[[ PROVIDED DATA open ]]
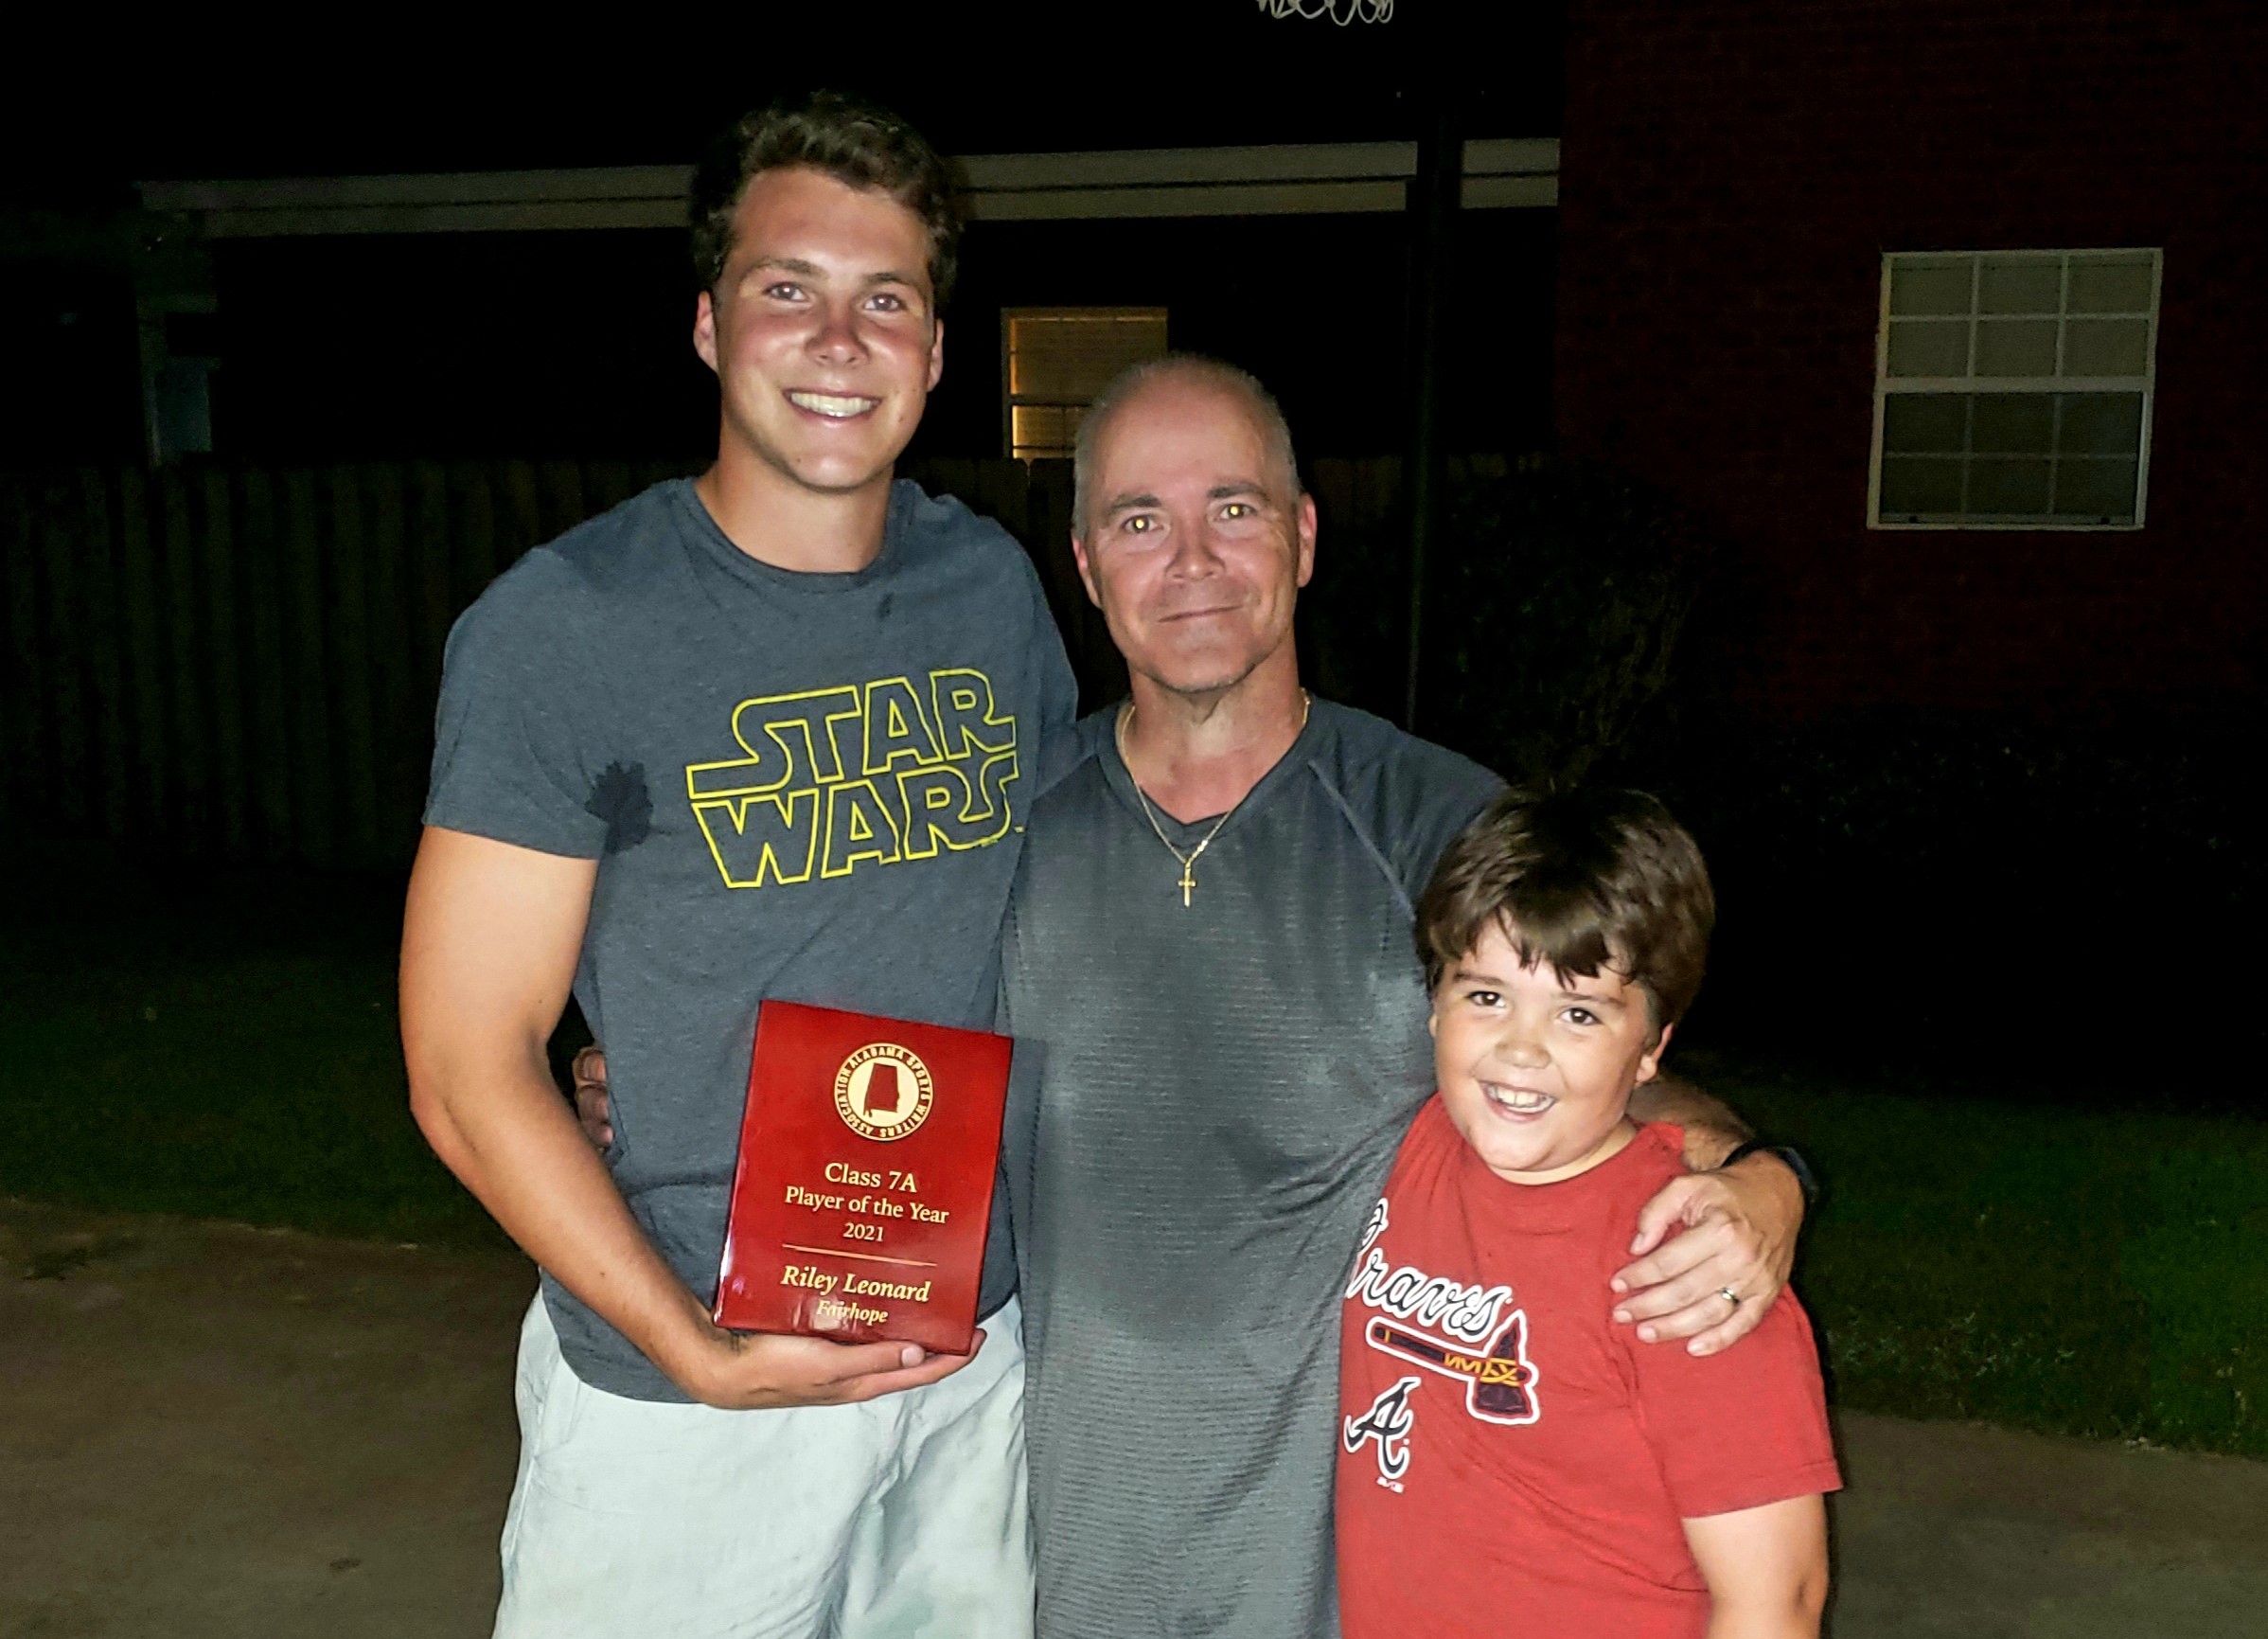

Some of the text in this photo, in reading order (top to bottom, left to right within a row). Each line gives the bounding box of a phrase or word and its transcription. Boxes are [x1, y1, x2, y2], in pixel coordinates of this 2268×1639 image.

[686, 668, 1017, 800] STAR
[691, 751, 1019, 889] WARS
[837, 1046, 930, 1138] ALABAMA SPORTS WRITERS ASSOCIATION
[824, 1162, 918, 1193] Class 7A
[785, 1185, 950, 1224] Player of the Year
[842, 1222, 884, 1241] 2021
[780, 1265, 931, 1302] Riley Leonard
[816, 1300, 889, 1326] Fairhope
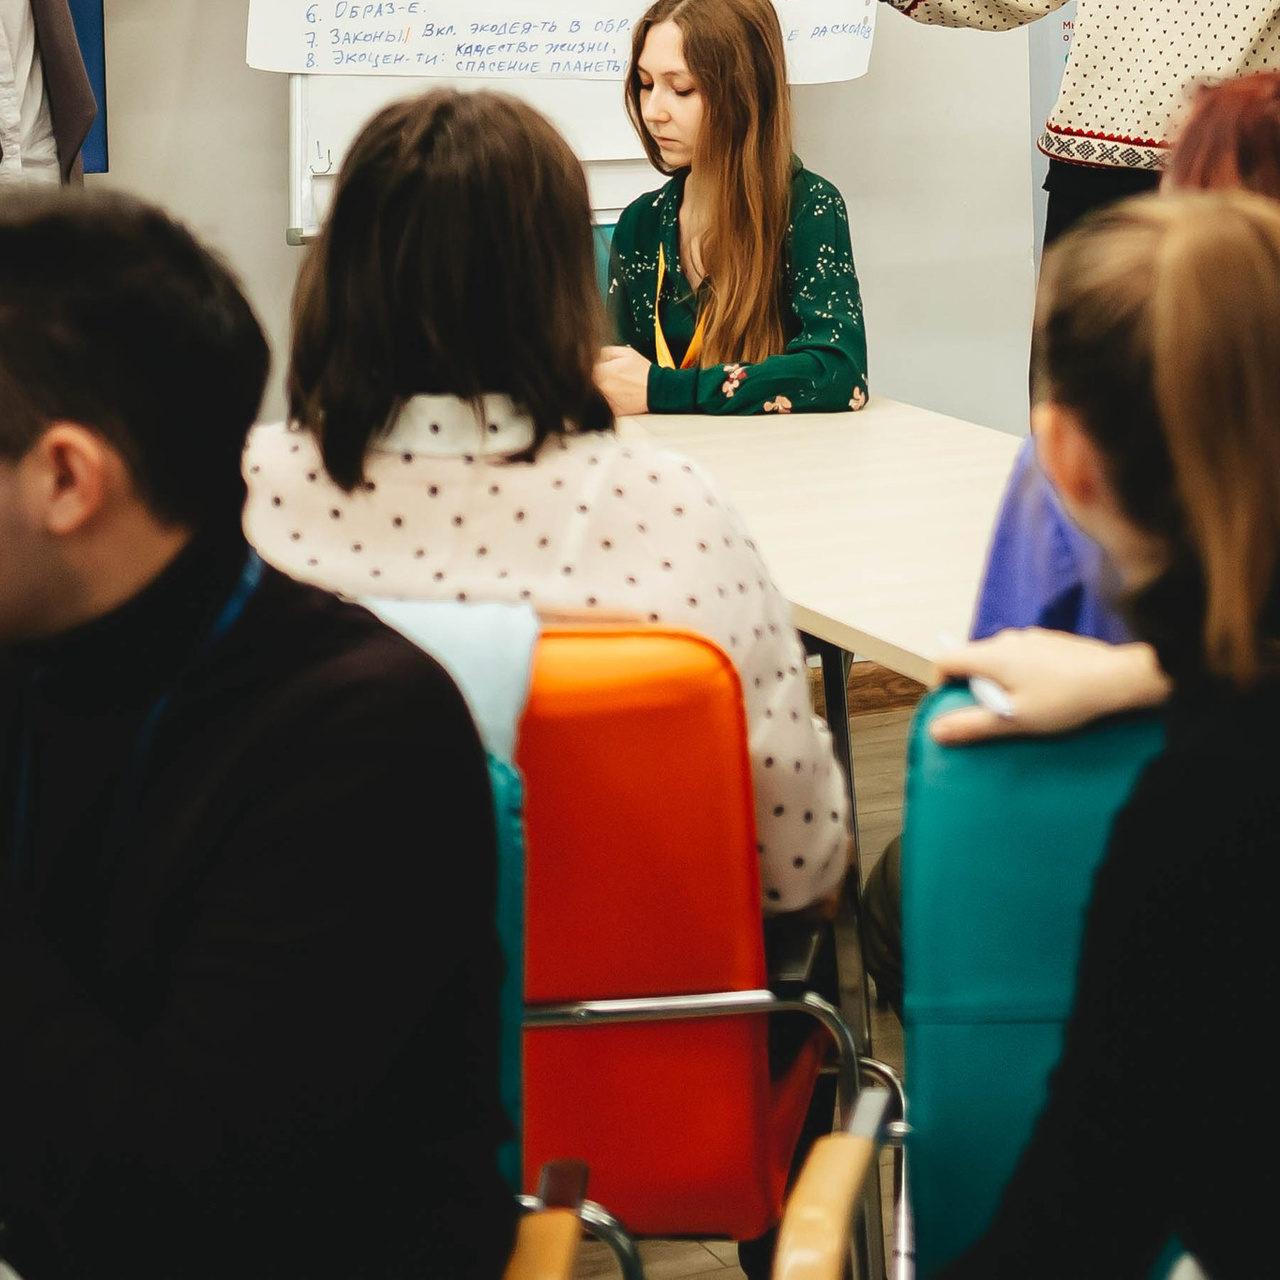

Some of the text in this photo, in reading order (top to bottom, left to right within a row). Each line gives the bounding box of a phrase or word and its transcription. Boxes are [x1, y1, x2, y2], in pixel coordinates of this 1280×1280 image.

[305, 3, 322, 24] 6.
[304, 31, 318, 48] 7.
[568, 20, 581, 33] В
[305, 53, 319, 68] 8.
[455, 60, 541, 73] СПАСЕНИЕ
[[ PROVIDED DATA closed ]]
### ACTIVITY
When you retype the data above, match every line exactly and leave the pictures behind.

### WRITTEN ANSWER
Some of the text in this photo, in reading order (top to bottom, left to right within a row). Each line gives the bounding box of a phrase or word and its transcription. Boxes are [x1, y1, x2, y2], in pixel coordinates of this 2268×1639 image.

[686, 668, 1017, 800] STAR
[691, 751, 1019, 889] WARS
[837, 1046, 930, 1138] ALABAMA SPORTS WRITERS ASSOCIATION
[824, 1162, 918, 1193] Class 7A
[785, 1185, 950, 1224] Player of the Year
[842, 1222, 884, 1241] 2021
[780, 1265, 931, 1302] Riley Leonard
[816, 1300, 889, 1326] Fairhope

Some of the text in this photo, in reading order (top to bottom, left to right within a row). Each line gives the bounding box of a phrase or word and its transcription. Boxes are [x1, y1, x2, y2], in pixel coordinates of this 1280×1280 image.

[305, 3, 322, 24] 6.
[304, 31, 318, 48] 7.
[568, 20, 581, 33] В
[305, 53, 319, 68] 8.
[455, 60, 541, 73] СПАСЕНИЕ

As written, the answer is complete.